W tym filmie, tym, który zdobył Złotego Niedźwiedzia, reżyser komponuje, w formie tryptyku, konsekwencje, że tak powiem, domowego filmu z seksem nauczycielki ze szkoły średniej, który nagle stał się viralem. Scena, o której mowa (fellatio) jest widziana surowo przed napisami końcowymi i jest przedstawiana jako wzór obsceniczności. Ale uważaj, prawdziwie lubieżna, ale nie tak drastyczna część pojawia się później, gdy debata zaczyna się w szkole, na ulicy, w domu, w Internecie... „Prawdę mówiąc, i chociaż scena, o której mowa, wywołała poruszenie, film nie ma nic wspólnego z pornografią. Ma związek z wolnością i prawami, z tym, co prywatne i publiczne, z tym, co społeczne, a co indywidualne. Właściwie przez długi czas zastanawiałem się, czy włączyć ten wyraźny obraz, czy nie i doszedłem do wniosku, że jego pominięcie w pewnym sensie warunkowałoby film. Nie można rozpocząć debaty o czymś, czego nie widać”, zastanawia się. I rzeczywiście, to widać.

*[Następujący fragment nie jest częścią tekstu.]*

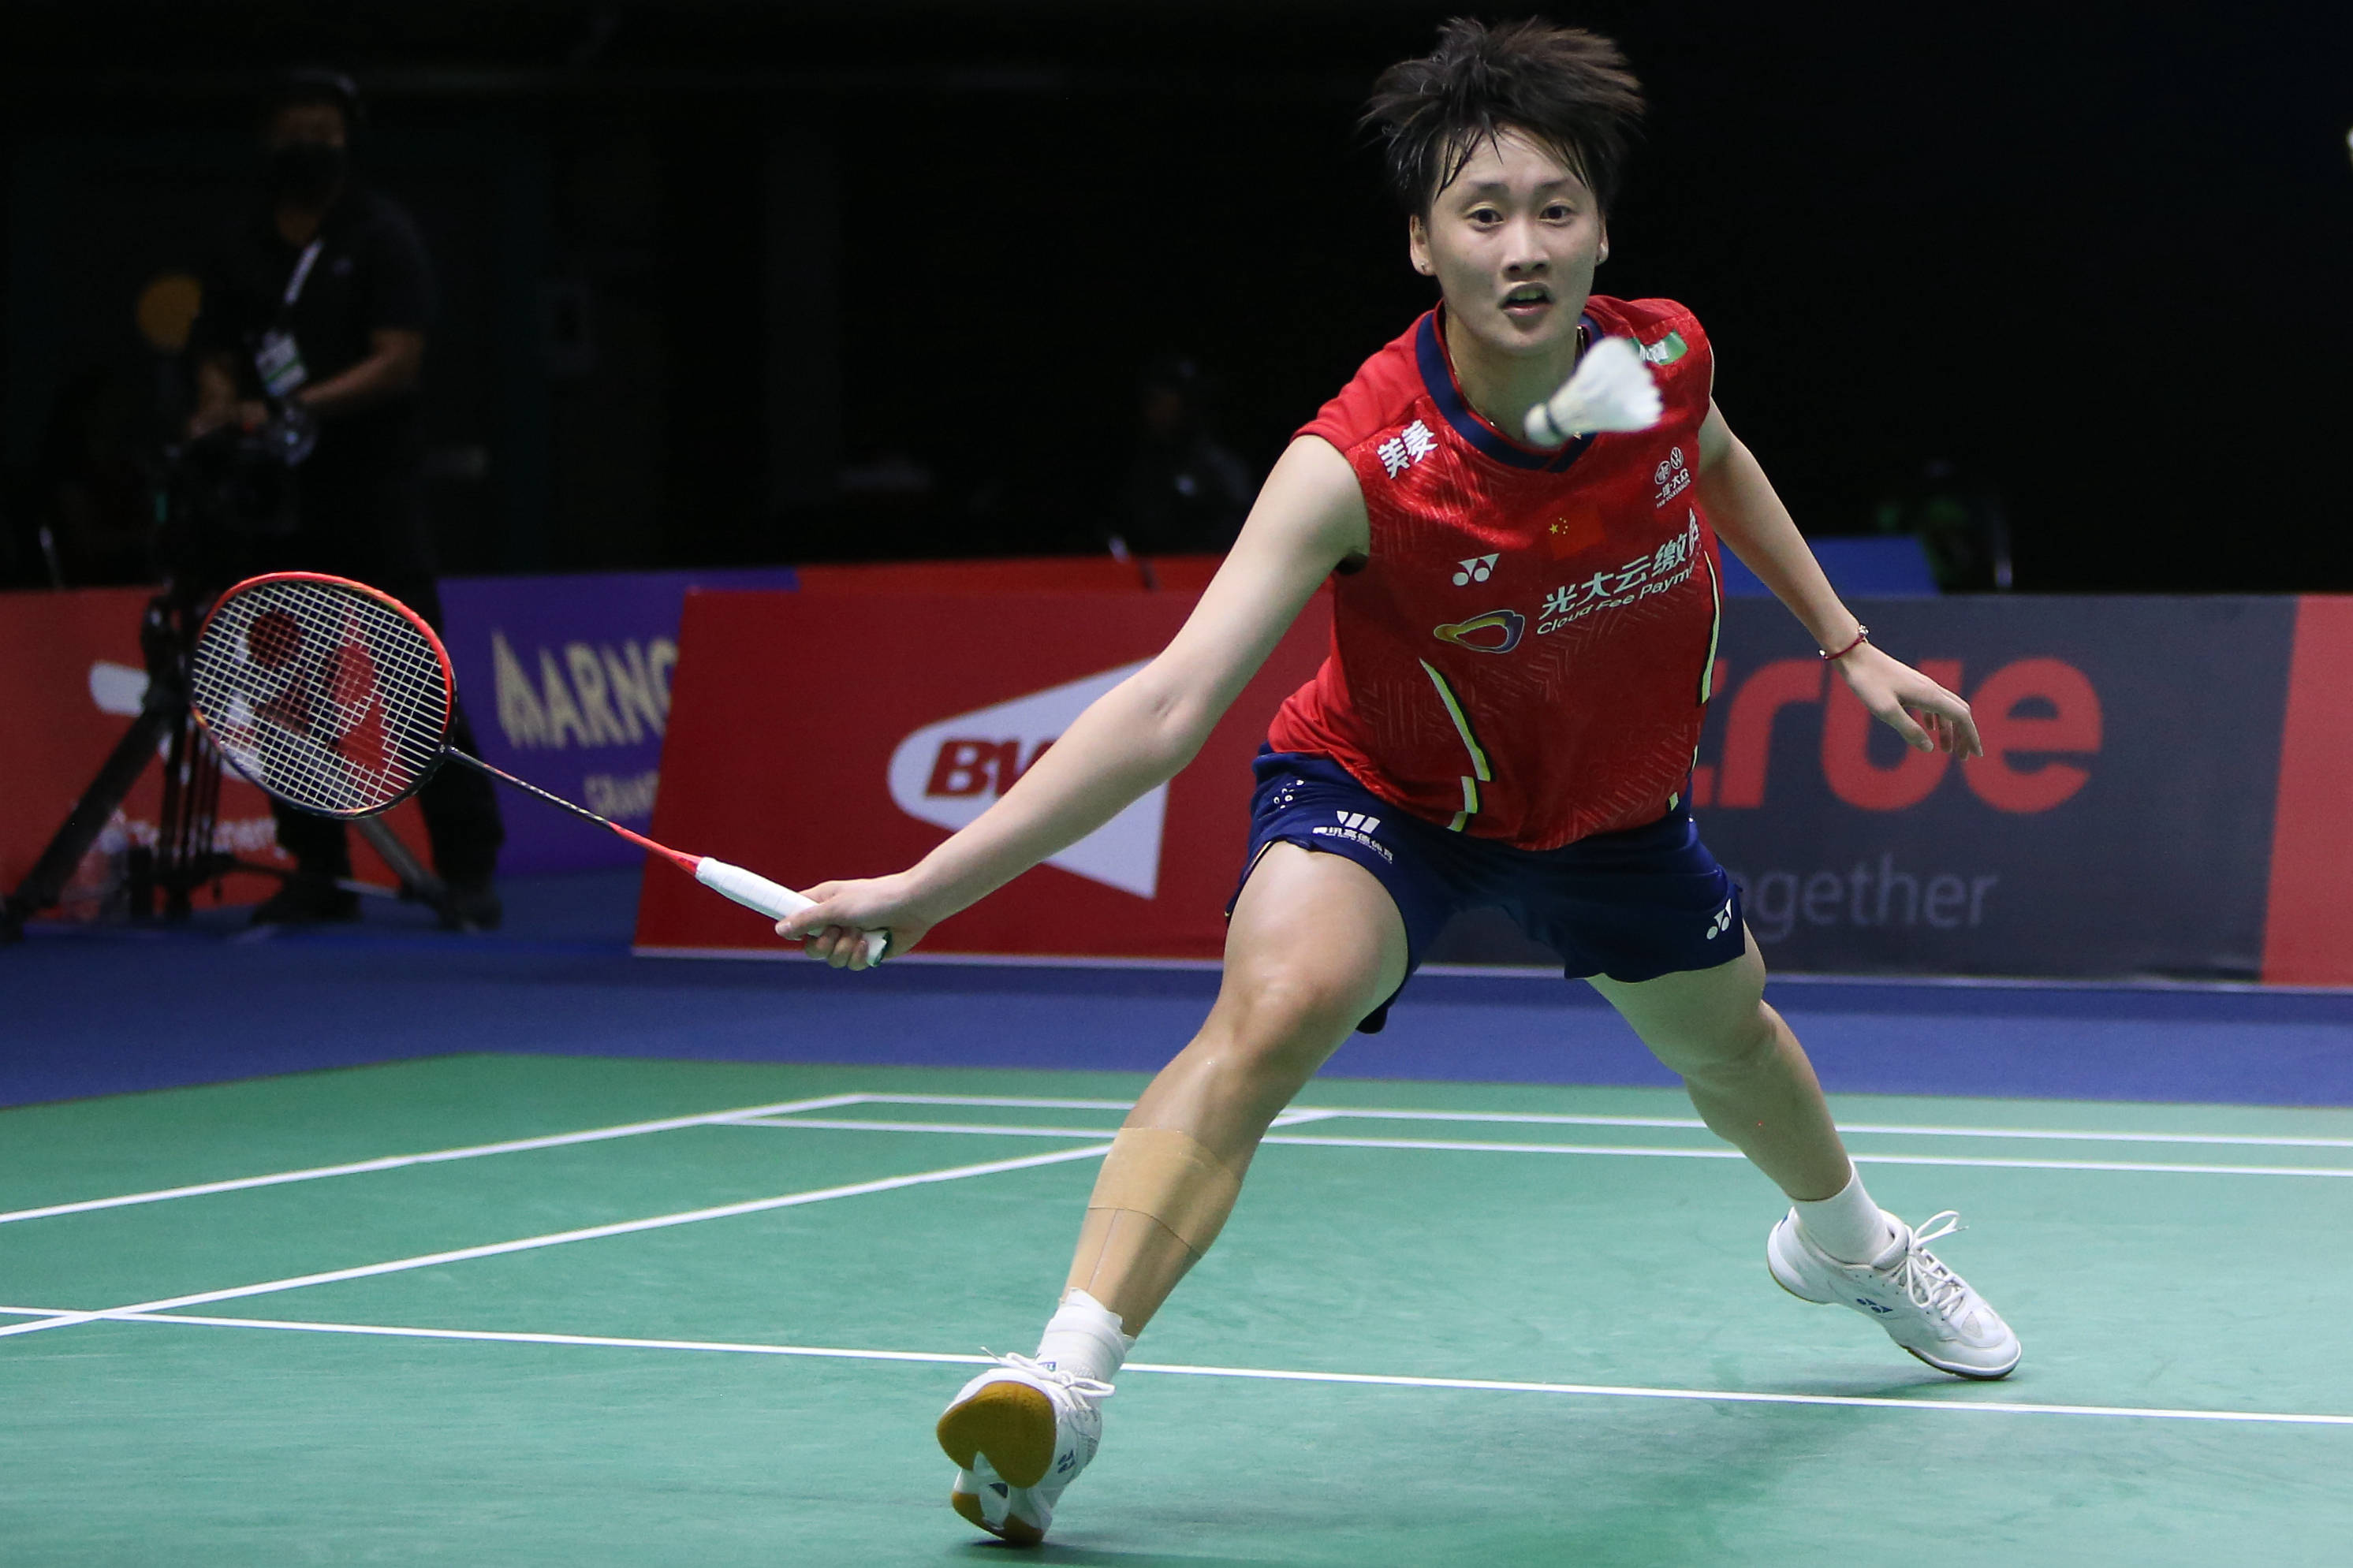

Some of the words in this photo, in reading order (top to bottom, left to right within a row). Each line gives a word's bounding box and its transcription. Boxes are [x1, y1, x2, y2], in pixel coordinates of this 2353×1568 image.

[1537, 603, 1594, 635] Cloud
[1596, 594, 1635, 611] Fee
[1639, 561, 1695, 600] Paym

Radu Jude kontynuował swoje dochodzenia, które są również prowokacjami, nie zatrzymując się ani na sekundę. Każde bardziej przejrzyste od poprzedniego. Po satyrze na nasze złe samopoczucie, która jest również parodią kultury pracy, która nas podporządkowuje, Don't Expect Too Much from the End of the World (2023), nastąpiła niepokojąca i niezwykle fascynująca instalacja Sleep #2, złożona z ujęć z kamery internetowej grobu Andy'ego Warhola (2014). A zaraz po niej cud Eight Postcards from Utopia (2024), film złożony wyłącznie z obrazów z reklam telewizyjnych z czasów reżimu Nicolae Ceausescu. „Mówi się, że kino jest sztuką teraźniejszości. Ale czym jest teraźniejszość? Obraz archiwalny, który służy do tworzenia czegoś nowego, nie jest tylko reliktem, jest również aktualny, jest również obecny. W rzeczywistości, jak utrzymywał Walter Benjamin, teraźniejszość i przeszłość można postrzegać jako dwa lustra odbijające się nawzajem”, mówi Jude, aby się wytłumaczyć i wyjaśnić nam moment swojego kina, a ogólniej kina, całego siebie.
- W którym momencie, Twoim zdaniem, znajduje się kino?
- Kino zawsze było uważane za ocean, w którym spotykają się różne rzeki: rzeka fotografii, rzeka literatury, rzeka muzyki... Ale tak naprawdę kino jest w kryzysie, ponieważ w dużej mierze przestało reprezentować życie. Tak, istnieje kino widowiskowe, kino superbohaterskie, ale to coś innego. Teraz myślę, że w filmie TikTok jest więcej kina niż w wielu nakręconych filmach, a na pewno nie w filmach o superbohaterach. To kino, ponieważ wyjaśnia świat... Jest inscenizacja, jest rytm... Jest nawet lepsze niż Godard.
„Chcę po prostu iść pod prąd” – to hasło przewodnie i bez wątpienia Radu Jude to najlepsza nagroda, jaką Cinema Jove może obecnie przyznać.